Compiler doesn't consider 'companion invoke' as construction alternative

Here is the sample that tries to construct an object from a lambda using companion invoke operator:

class Something<T>(val value: T) {
	companion object {
		operator inline fun <T> invoke(code: () -> T):Something<T> = Something(code())

fun test():Something<Int> = Something { 0 } //Expected: Something<Int>. Found: Something<() -> Int>

And here is the compiler’s complaint on the fun test:

Expected: Something<Int>. Found: Something<() -> Int>

That is the compiler apparently ignores companion invoke and tries to use the class constructor.

Of course it’s possible to add another constructor(code: () -> T) which neglects the advantage of inlining.
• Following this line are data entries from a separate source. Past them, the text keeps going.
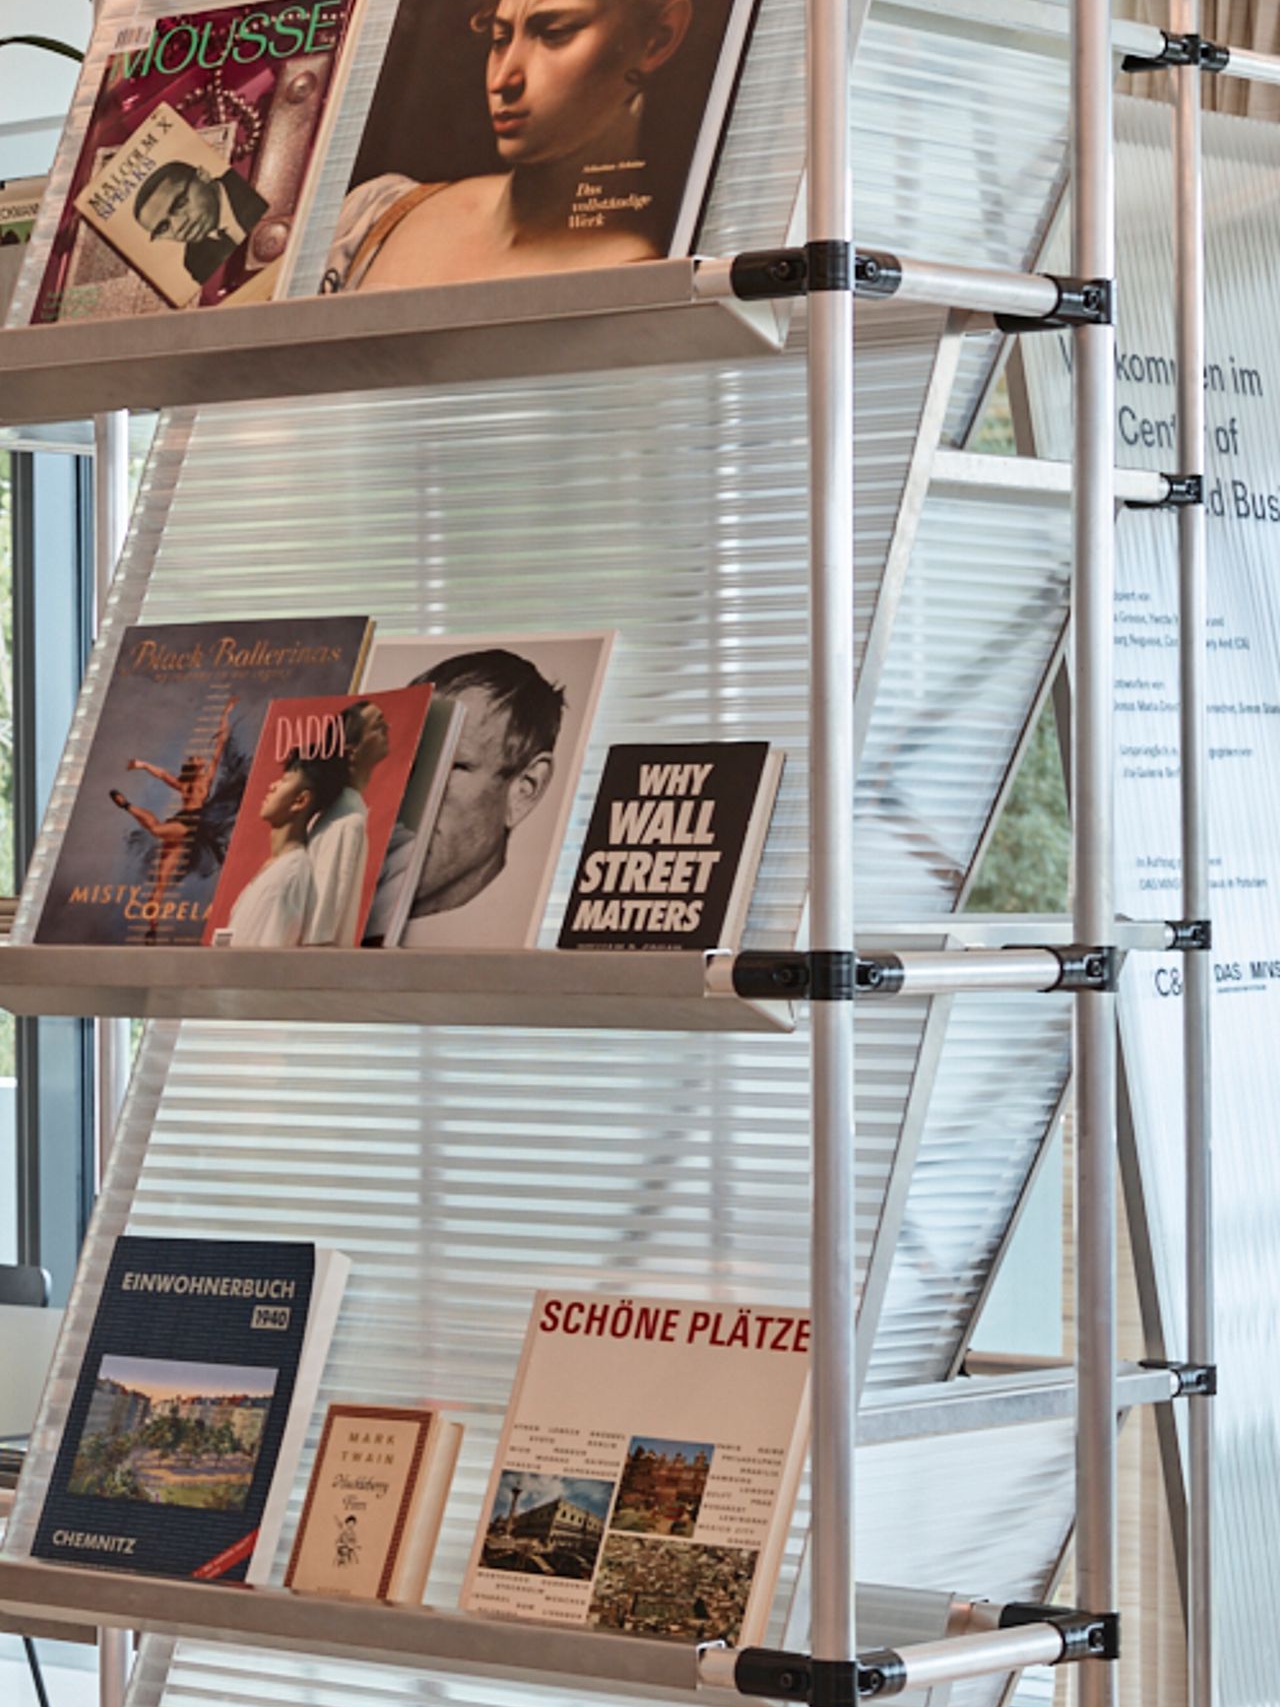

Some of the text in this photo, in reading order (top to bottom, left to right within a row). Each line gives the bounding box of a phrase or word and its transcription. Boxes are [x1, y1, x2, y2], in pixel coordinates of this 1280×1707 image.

[109, 0, 342, 81] MOUSSE
[1229, 355, 1264, 397] im
[1118, 405, 1239, 455] Cent of
[1232, 479, 1280, 523] Bus
[132, 636, 342, 671] Black Ballerinas
[275, 714, 346, 762] DADDY
[639, 764, 714, 796] WHY
[608, 800, 716, 845] WALL
[577, 851, 722, 893] STREET
[68, 883, 142, 905] MISTY
[571, 899, 705, 933] MATTERS
[1214, 962, 1243, 983] DAS
[122, 1271, 297, 1300] EINWOHNERBUCH
[255, 1307, 289, 1327] 1940
[539, 1299, 812, 1353] SCHÖNE PLÄTZE
[348, 1430, 396, 1445] MARK
[341, 1450, 395, 1465] TWAIN
[51, 1528, 138, 1555] CHEMNITZ
Or remove the constructor and replace it with companion invoke(value: T) which adds a call stack.

So why not ask the compiler to consider companion invoke operators when it chooses the way of object construction?
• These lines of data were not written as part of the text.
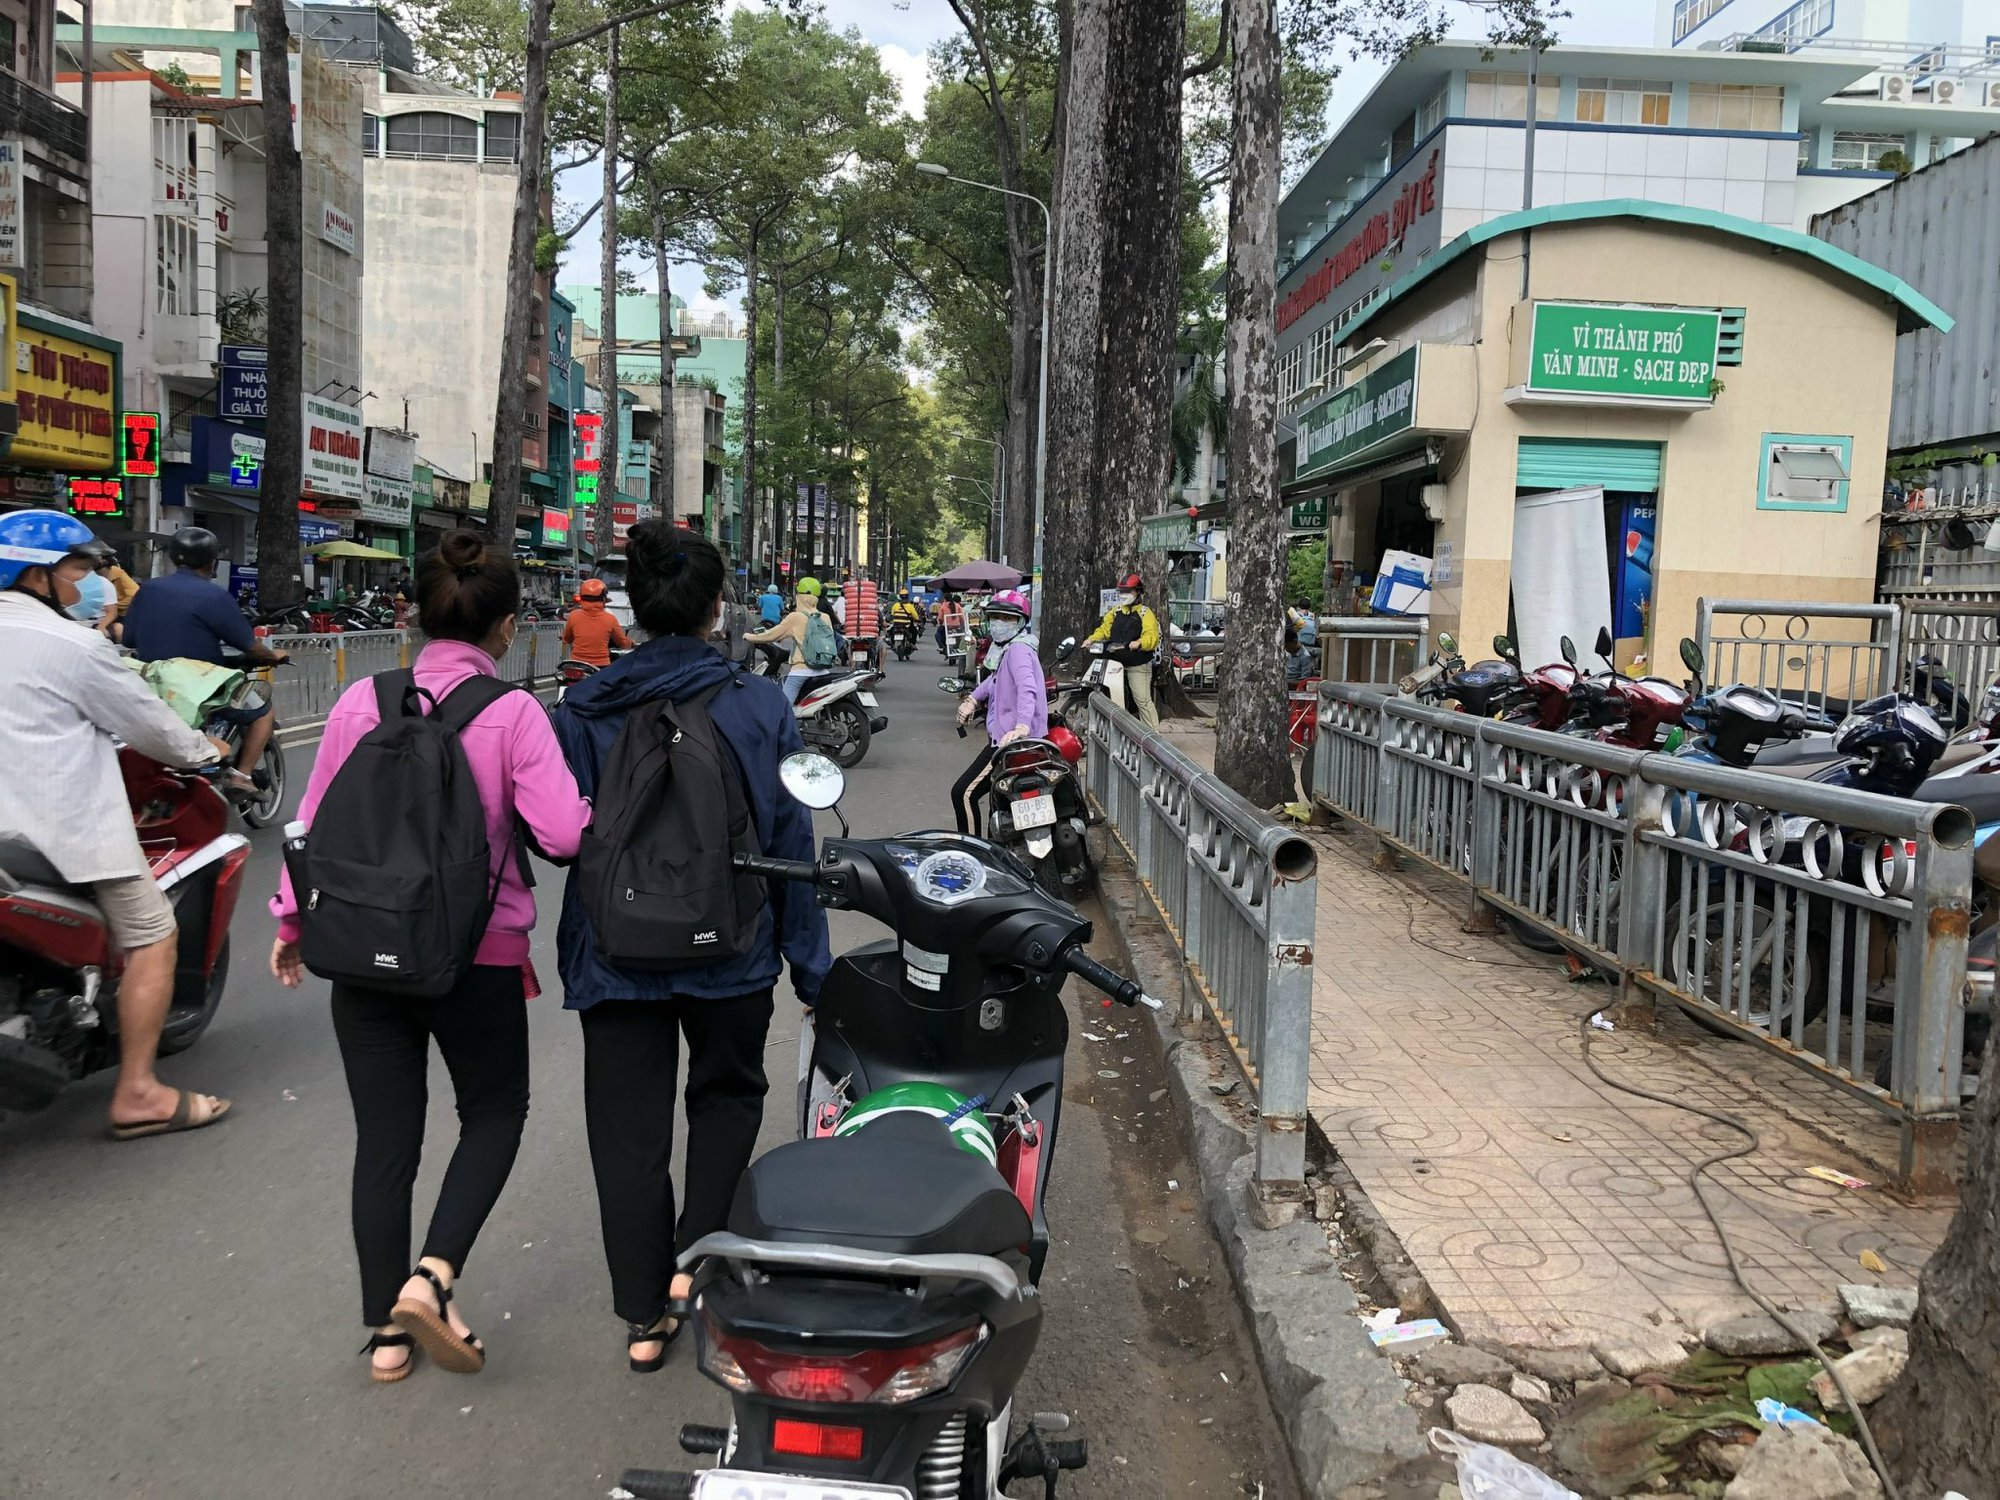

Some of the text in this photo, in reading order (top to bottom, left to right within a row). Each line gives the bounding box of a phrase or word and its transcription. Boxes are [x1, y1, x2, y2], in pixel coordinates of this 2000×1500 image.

[0, 145, 14, 162] AL
[1392, 182, 1408, 241] BỘ
[1408, 182, 1420, 224] Y
[1419, 149, 1440, 217] TẾ
[1573, 321, 1685, 354] VÌ THÀNH PHỐ
[1543, 348, 1573, 376] VĂN
[1577, 355, 1620, 379] MINH
[1633, 358, 1675, 386] SẠCH
[1678, 361, 1710, 388] ĐẸP
[240, 370, 267, 384] NHÀ
[232, 384, 267, 399] THUỐ
[254, 399, 267, 415] TỐ
[1356, 399, 1375, 432] MINH
[1377, 385, 1397, 427] SẠCH
[1397, 379, 1412, 417] ĐẸP
[309, 425, 327, 453] AN
[328, 430, 360, 461] NHÂN
[1633, 507, 1656, 518] PEP
[1299, 515, 1320, 527] WC
[693, 931, 717, 942] MWC
[375, 953, 398, 964] MWC
Why not use a free function with the name of the class instead? It has the same effect and the advantage that it doesn’t need a companion instance.
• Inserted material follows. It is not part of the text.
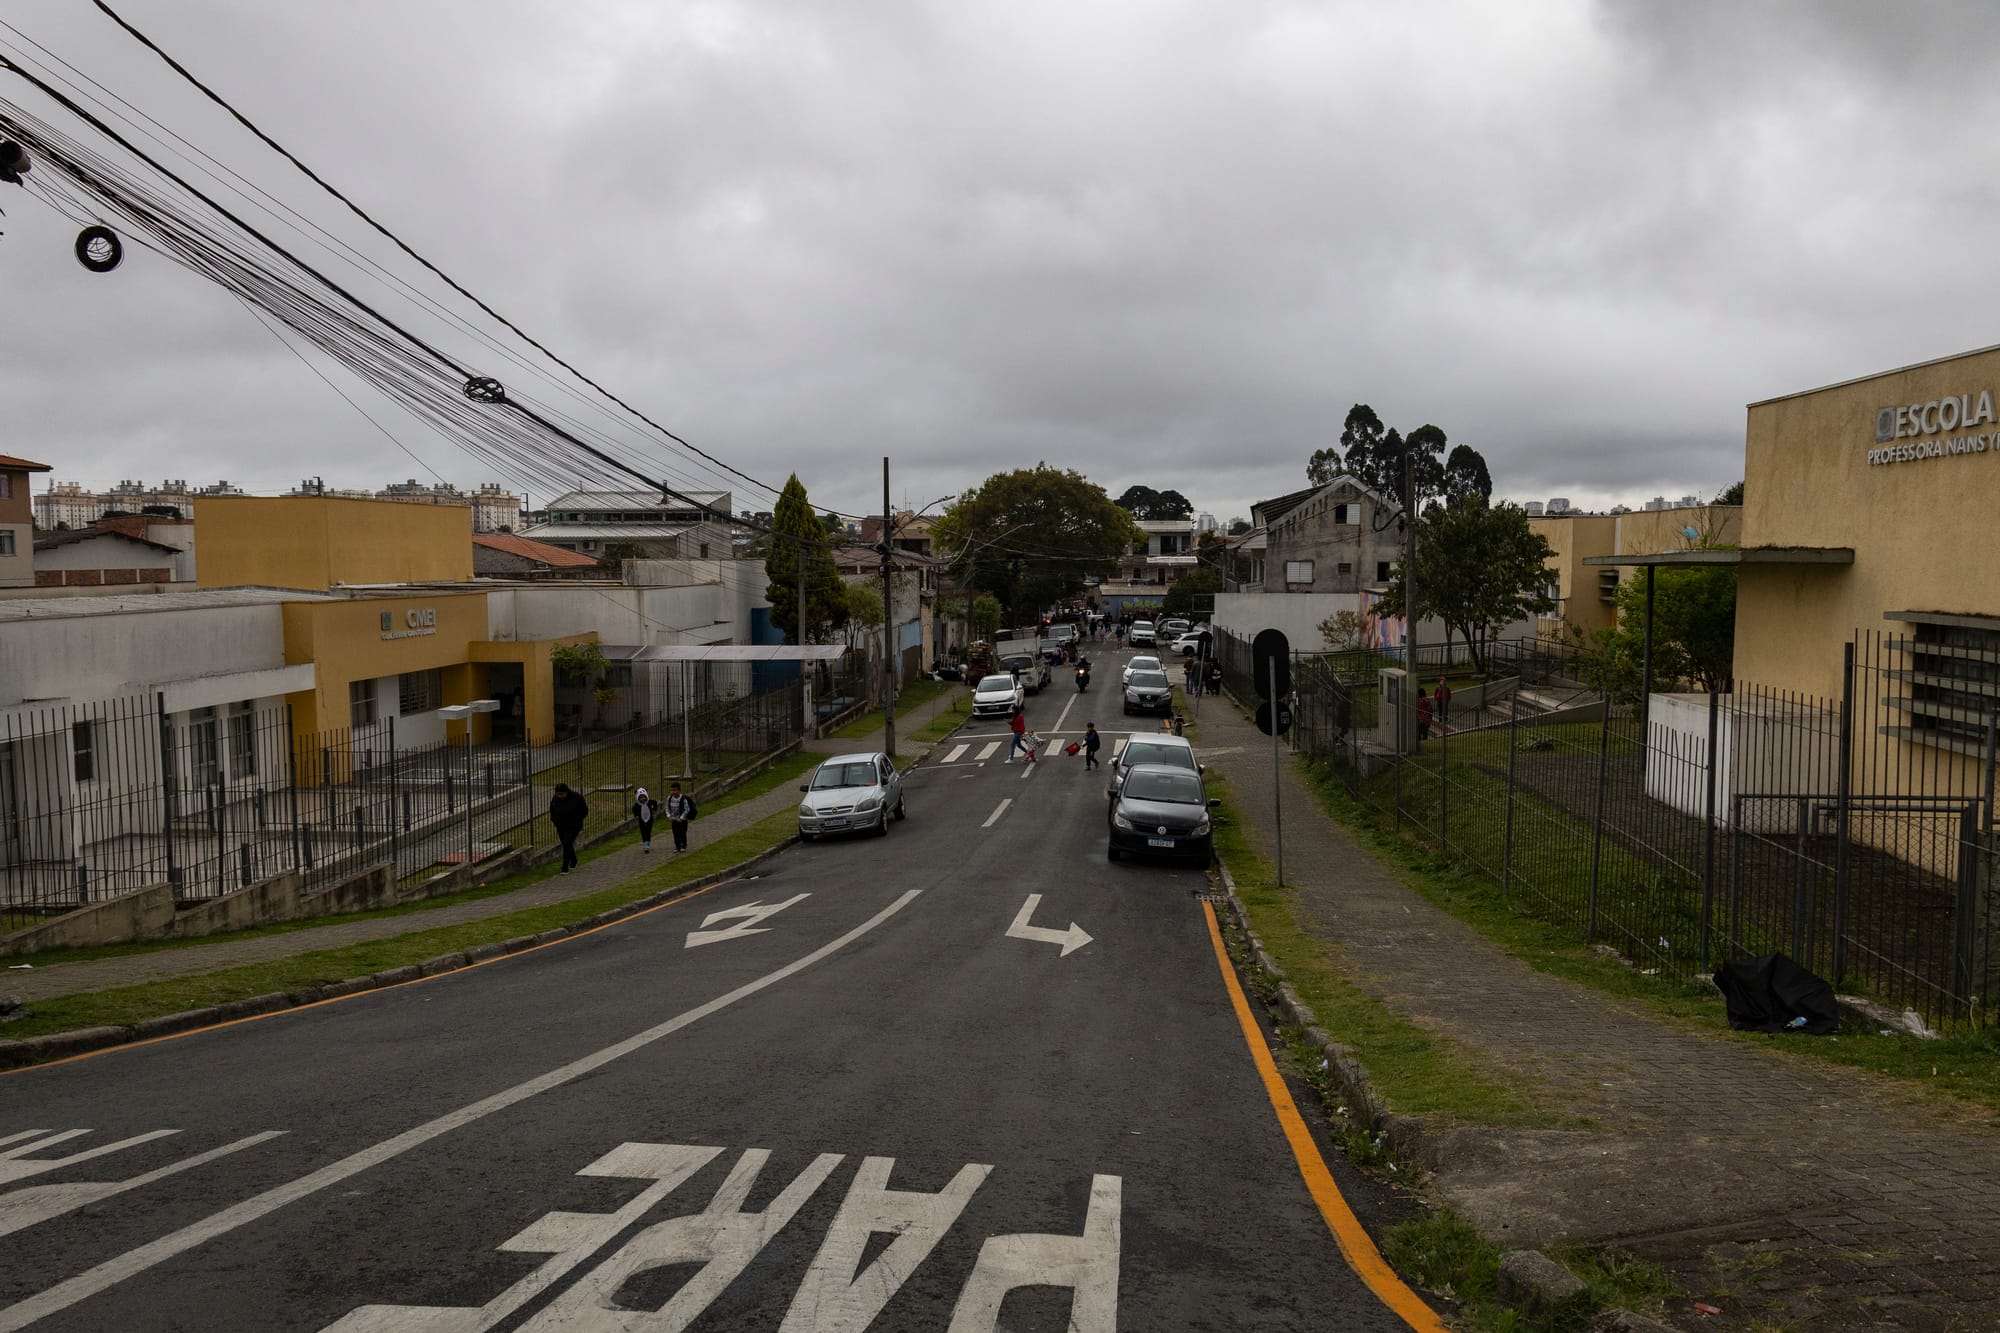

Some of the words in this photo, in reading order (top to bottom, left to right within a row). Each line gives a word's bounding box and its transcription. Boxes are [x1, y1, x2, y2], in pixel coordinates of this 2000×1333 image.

Looks a bit tricky when called from Java code, but really nice option after all. Thanks.
And now compiler behavior appears even more weird. It accounts top-level function but ignores companion’s one.

Compiler needs a little help inferring the types, try this:

fun test(): Something<Int> = Something<Int> { 0 }

Yep. Correct. But unlikely you’d enjoy using such cluttered function from someone’s library.